I'm disinclined to agree with blanket statements like this, but the
biggest problem I see with your logic is that you seem to assume that we
have to model Wikisophia after traditional institutions if we combine
research and teaching under "one roof", and that researchers also have
to be teachers in such a framework.
This is exactly the problem with the name "Wikiversity", it limits our
thinking to what is there, when we are trying to create something
fundamentally new. This is why I refuse to even use this name when
discussing the project. I am not talking about a "wiki-university" here.
In fact, what I would like to do is to really get to the bottom of these
questions: What makes a good researcher?
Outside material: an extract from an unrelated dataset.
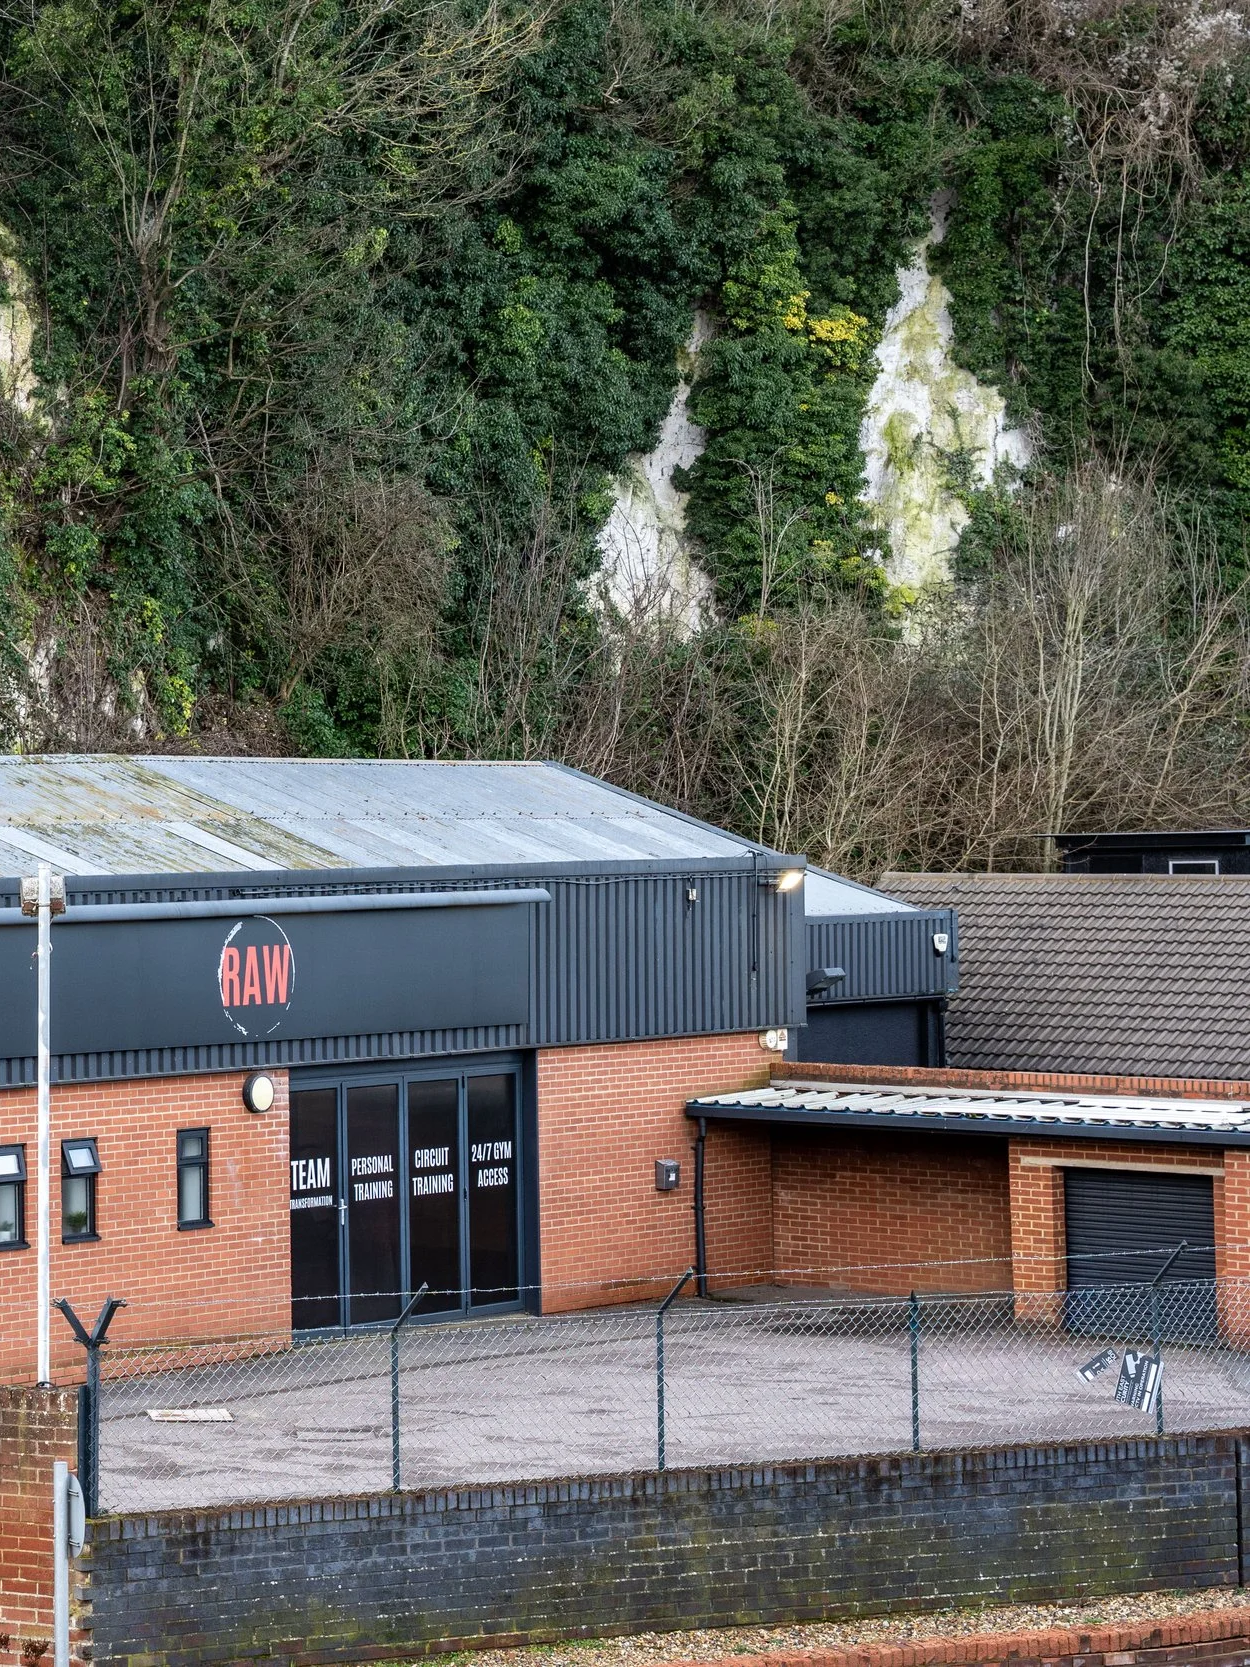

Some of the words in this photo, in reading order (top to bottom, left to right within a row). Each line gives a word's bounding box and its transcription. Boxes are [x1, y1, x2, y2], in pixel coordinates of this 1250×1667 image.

What makes a good teacher? How
can we improve and assess people's ability to teach, or to research? How
can we directly apply the latest results from didactical and pedagogical
research to the teaching processes? How can we have meaningful feedback
processes from learners to teachers to researches, and the other way?
Certainly, the process of communicating knowledge to a larger group of
people, whether in person or electronically, is always one which can
have creative and surprising outcomes. I want to build a model where
students can easily share ideas with people who are at the forefront of
research, while being taught by those who have a proven ability to do
so. We have to separate the discussion about *role selection* from the
discussion about what roles should be allowed within a single project.
Your analogy with "Current events" answers your own point: Research can
begin as a section of Wikisophia, we can experiment with it, and we can
assess how much sense it makes to develop this into its own separate
project.
> > Little defined? Excuse me? Wiktionary, Wikiquote, Wikisource and
> > Wikibooks were set up basically ad hoc by a developer when they felt
> > like there was enough interest. Wikimedia Commons was the first project
> > with a proper project plan, and Wikinews was the only project ever
> > launched by Wikimedia which went through fully developed discussion,
> > definition and decision-making phases.
> Then why are both wikicommons and wikinews still envased in copyright
> issues ?
"Envased" is not an English word, if you mean that both projects have
lacked planning and foresight when it comes to copyright issues, then I
would argue that the exact opposite is the case:
* Wikipedia violates its own license daily when content is copied from
page to page or from wiki to wiki, and much of our use of the GFDL rests
on often dubious interpretations
* Wikiquote's entire body of work consists of other people's words
offered as "free content"
* Wikisource offers public domain content under the GFDL
* Wiktionary and Wikispecies deal with short pieces of data, yet have an
overly complex license (which needs to be fully reproduced with each
copy), covering content whose copyrightability itself is open to debate.
In the case of Wikinews, we had the foresight to know that neither the
copyleft principle nor the complicated GFDL would necessarily be
desirable, so we chose to put the content in the public domain, allowing
us to easily make a decision about the license in the course of the
project. After a careful deliberation process, we now know that the
license we need (CC-WIKI-BY) doesn't even *exist* yet, so could not have
been chosen at the time the project was started.
The Wikimedia Commons was defined by me initially as a repository of
*free* content, with no exceptions for fair use or non-commercial use
content, and this decision, too, has proven to be very beneficial to the
project.
The community that has arisen on the Commons is probably more aware of
copyright issues than any other, systematic tagging of all content has
always been part of its policies, and in individual cases where the
situation is unclear (e.g. the Stock.xchng photos), legally qualified
people have guided the decision making process. People like Arnomane and
Duesentrieb have done a tremendous job to add as much metadata to images
as possible and to sort out copyvios.
That is not to say that everything is peachy -- the attribution from the
Commons to projects using its media, a complex technical issue, needs to
be resolved, as does the fair use issue on Wikinews. But generally, I
would say that both projects have led the debate about copyright and
licensing, informed by the experiences of the past.
Just because copyright on these two projects is talked about a lot
doesn't mean that they have a lot of problems; in fact, it means that
they have been the busiest *solving* problems, while there's been
virtually no progress on the issues with our existing projects listed above.